Légendes écrites par Jean-Luc Lagarce pour l'exposition de Lin Delpierre ''Obscène'' (1992).

Les photographies de Lin Delpierre auxquelles se rapportent ces textes, prises lors de répétitions de La Roulotte, sont accessibles sous forme de diaporama : cliquez ici.

Christine assise de profil en coulisse et Hervé assis au sol, torse nu, lisant.
Dans l'attente, de l'autre côté de la ligne blanche, ne pas dépasser, rester dans son territoire, assise, de profil, parfaitement immobile, elle est là. Elle ne fait rien, ce n'est pas à elle, ce n'est pas son tour. Elle écoute, la vie de l'autre côté, sur la scène, la vie qu'on ne voit pas. Elle est juste là, entre deux épisodes, deux scènes.
Il lit, il révise son texte, il s'interroge, il essaie de comprendre les secrets.
Pas un bruit, pas un geste, aucune inquiétude. La solitude immobile de l'acteur lorsque le personnage voyage.
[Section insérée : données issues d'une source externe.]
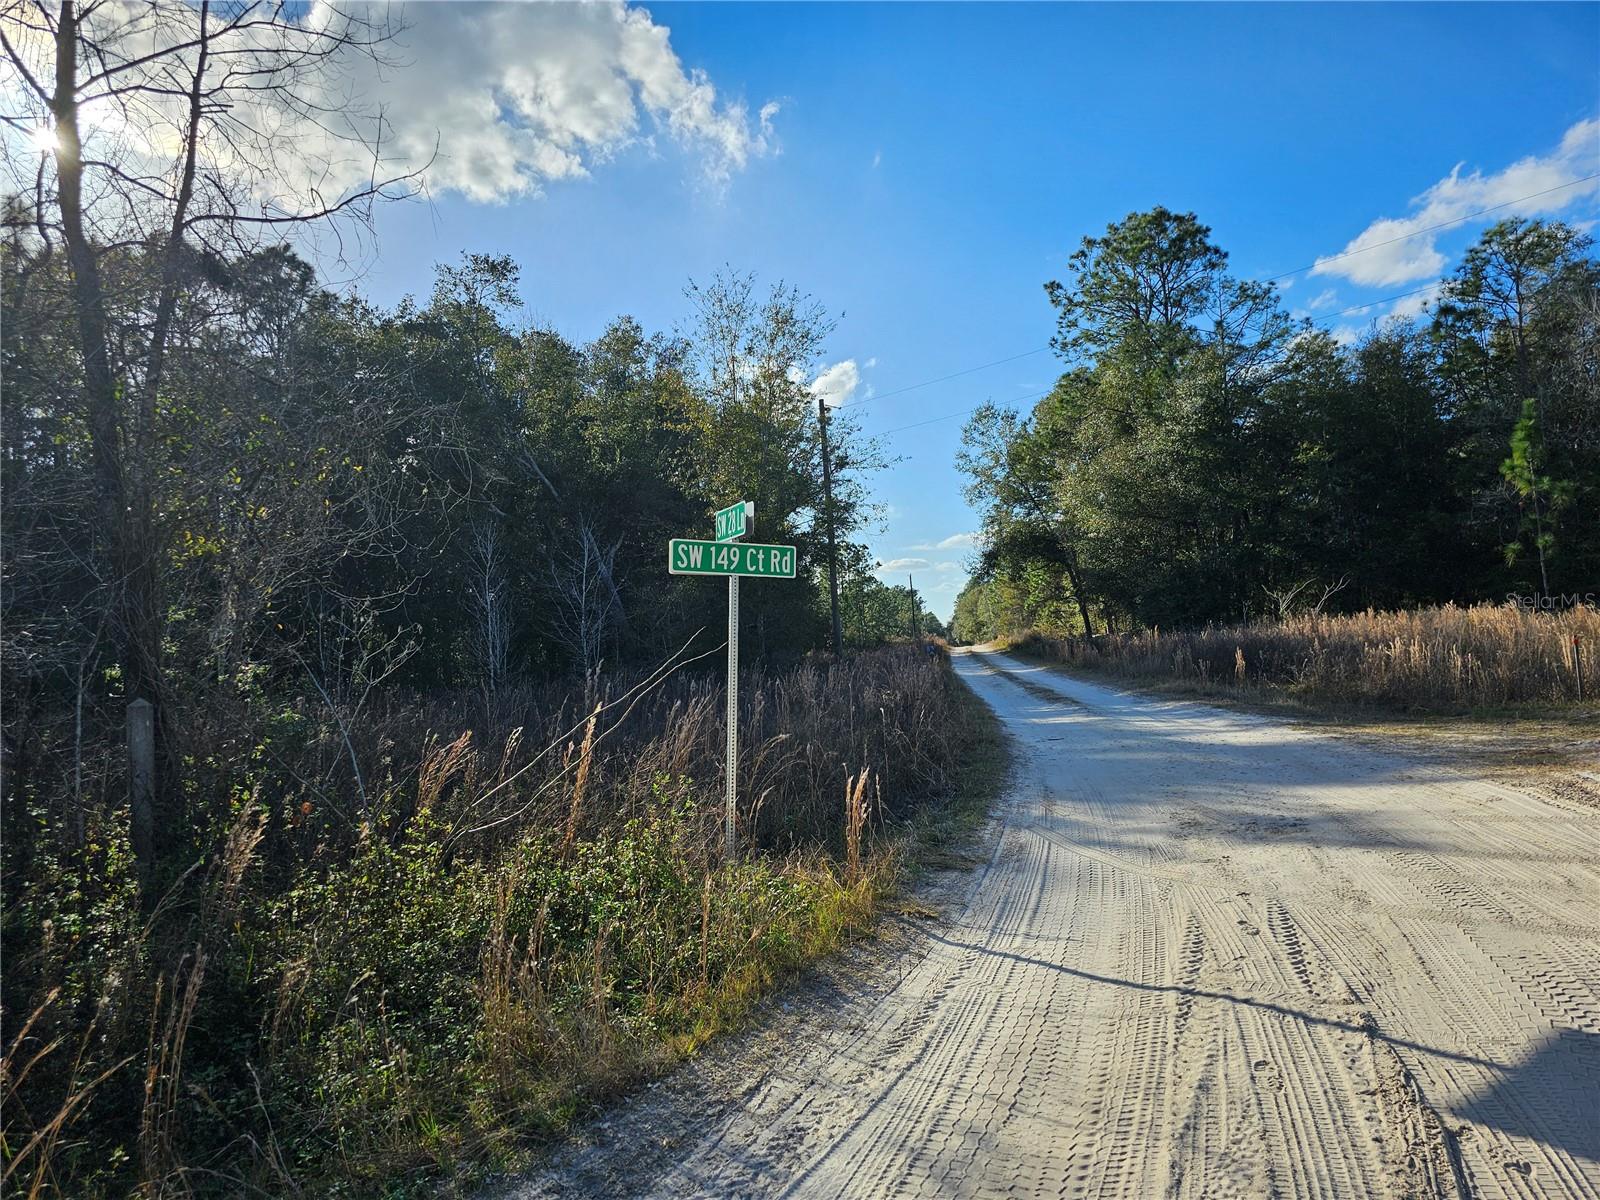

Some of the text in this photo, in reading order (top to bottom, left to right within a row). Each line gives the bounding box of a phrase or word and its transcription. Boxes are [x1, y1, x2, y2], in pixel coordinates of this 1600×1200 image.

[717, 513, 727, 538] SW
[728, 510, 736, 535] 28
[677, 543, 791, 574] SW 149 Ct Rd
Christine avec un mouchoir sur la tête.
Une noce. Au départ, je n'imaginais rien d'autre que tous ces mariages, toutes ces années, un spectacle sur le mariage. Hippolyte épouse Solange, Félix épouse Louise, Alexandre épouse Béatrice, puis plus tard, après la mort de Béatrice, Alexandre épouse Hélène. Toutes ces fêtes convenues, un peu imbéciles - jamais, je ne m'imaginais les choses ainsi - cette joie et ces regrets déjà.
Cette mélancolie venue aussitôt avec le bonheur et cette vulgarité si tendre qui nous prend lorsque les hommes tombent la veste et lorsque les femmes se mettent à rire trop fort.


Hervé couché, torse nu, avec la jambe de Christine.
Et plus tard, de nombreuses années plus tard, après le mariage, cette fatigue des corps, cette vulgarité un peu lourde, épuisée, des corps. La sexualité un peu triste des hommes et des femmes murs et la douceur aussi des odeurs.
Ils attendent dans la coulisse - elle a filé un bas - ils se reposent après l'amour ou avant de jouer.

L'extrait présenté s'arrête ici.